Cupcake research is underway.  More details to come!

Cupcake research is underway. More details to come!

Instead of recording yesterday, Tammy and I got busy in our search for Chicago’s best cupcakes, site improvements, and social networking opportunities. Stay tuned for more details, and expect a return to our regularly scheduled programming next week.

In the meantime, here’s a list of my top ten tips for dining out in Chicago in no particular order… tricks-of-the-trade that I’ve learned on our quest to become more seasoned diners:

10. Call ahead. Even if a restaurant doesn’t officially take reservations, some will let you put your name in when you’re on your way there. Shorter wait times are good. When you call, also double check wheelchair accessibility. Just because Metromix says a place is accessible, doesn’t mean it is.

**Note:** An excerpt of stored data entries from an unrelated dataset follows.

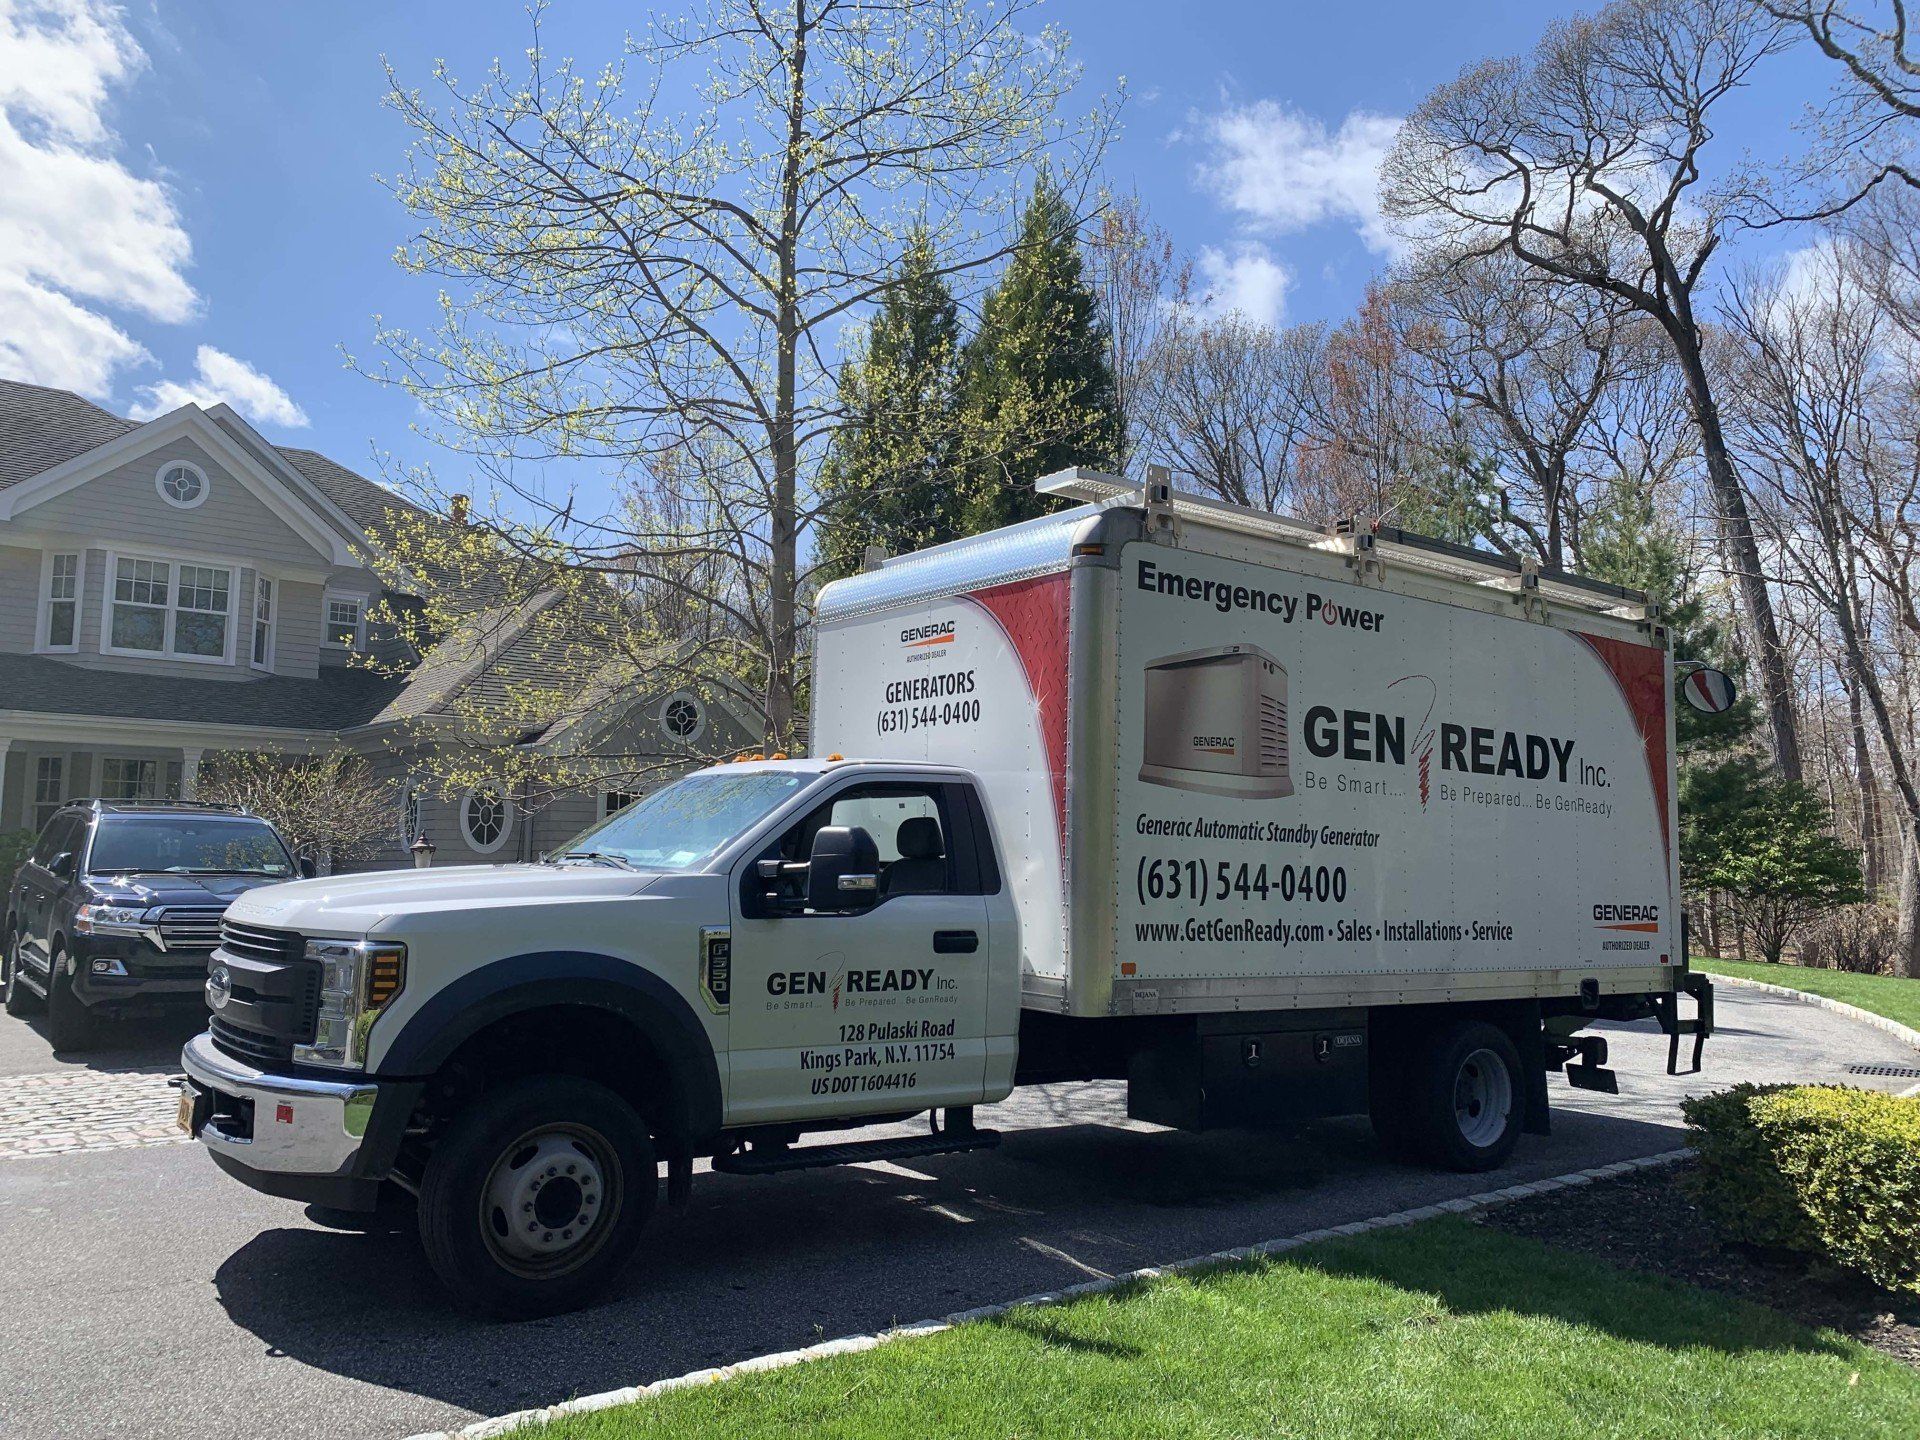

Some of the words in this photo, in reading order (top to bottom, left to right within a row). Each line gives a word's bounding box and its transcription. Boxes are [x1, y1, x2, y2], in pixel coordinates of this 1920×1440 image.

[1138, 559, 1298, 624] Emergency
[1306, 592, 1385, 633] Power
[901, 620, 955, 642] GENERAC
[906, 652, 931, 663] AUTHORIZED
[931, 649, 947, 660] DEALER
[885, 669, 975, 704] GENERATORS
[877, 707, 908, 736] (631)
[911, 699, 981, 729] 544-0400
[1193, 736, 1235, 748] GENERAC
[1303, 705, 1405, 766] GEN
[1441, 722, 1576, 783] READY
[1580, 757, 1611, 788] Inc.
[1305, 771, 1327, 790] Be
[1440, 784, 1457, 802] Be
[1536, 793, 1551, 810] Be
[1555, 795, 1612, 819] GenReady
[1136, 813, 1192, 838] Generac
[1194, 817, 1264, 842] Automatic
[1267, 821, 1318, 849] Standby
[1320, 825, 1380, 848] Generator
[1137, 856, 1209, 907] (631)
[1216, 861, 1347, 903] 544-0400
[1593, 904, 1659, 922] GENERAC
[1135, 917, 1324, 949] www.GetGenReady.com
[1336, 919, 1373, 942] Sales
[1384, 919, 1462, 942] Installations
[1471, 920, 1513, 941] Service
[1602, 940, 1632, 951] AUTHORIZED
[1633, 940, 1651, 951] DEALER
[766, 971, 827, 996] GEN
[846, 968, 935, 993] READY
[936, 975, 959, 991] Inc.
[766, 1002, 780, 1011] Be
[845, 998, 856, 1007] Be
[905, 995, 916, 1005] Be
[918, 995, 959, 1005] GenReady
[839, 1024, 865, 1042] 128
[868, 1020, 918, 1041] Pulaski
[921, 1018, 956, 1038] Road
[800, 1050, 842, 1073] Kings
[845, 1047, 882, 1067] Park,
[885, 1044, 911, 1064] N.Y.
[914, 1042, 956, 1062] 11754

9. Order the staff favorite. If all of the waiters are eating a particular dish, it’s likely the freshest and most flavorful on the menu. Asking a waiter what he really thinks can improve the entire evening!

8. Ask about special discounts. Many Chicago restaurants offer tasting menu and drink deals on weeknights that aren’t well advertised. Expensive menu options can be made affordable.

7. Expand your horizons. Food in the city’s ethnic neighborhoods is almost always 20-times better than what you’ll find at a Gold Coast chain. Period. Something on the menu kind of scare you? Order it! I ordered gizzards once, and Tammy tried them too. I liked them!

6. Plan for the occasion. The type of place you’d want go on a date is likely very different from the place you’d take a party of 30 for a Birthday dinner. Think about what kind of restaurant really fits the bill.

5. Make a change. Don’t eat at the same place every Tuesday night. Spread the wealth, and try the place next door. It’s always worth it.

4. Set dining goals. Trying one new restaurant every month is a good place to start.

3. Get a tip card. It’s not only handy… it’s my favorite accessory.

2. Don’t hesitate to send food back. I’d never done it until recently, and although it is something I don’t enjoy doing, I always have a good reason for it.

1. Be honest. When servers and chefs ask how my meal is, I tell them. I try to be respectful and courteous, but also bluntly honest. That’s because Chicago’s restaurant scene is cutthroat, and I’m not doing anybody any favors by sugar-coating my experience.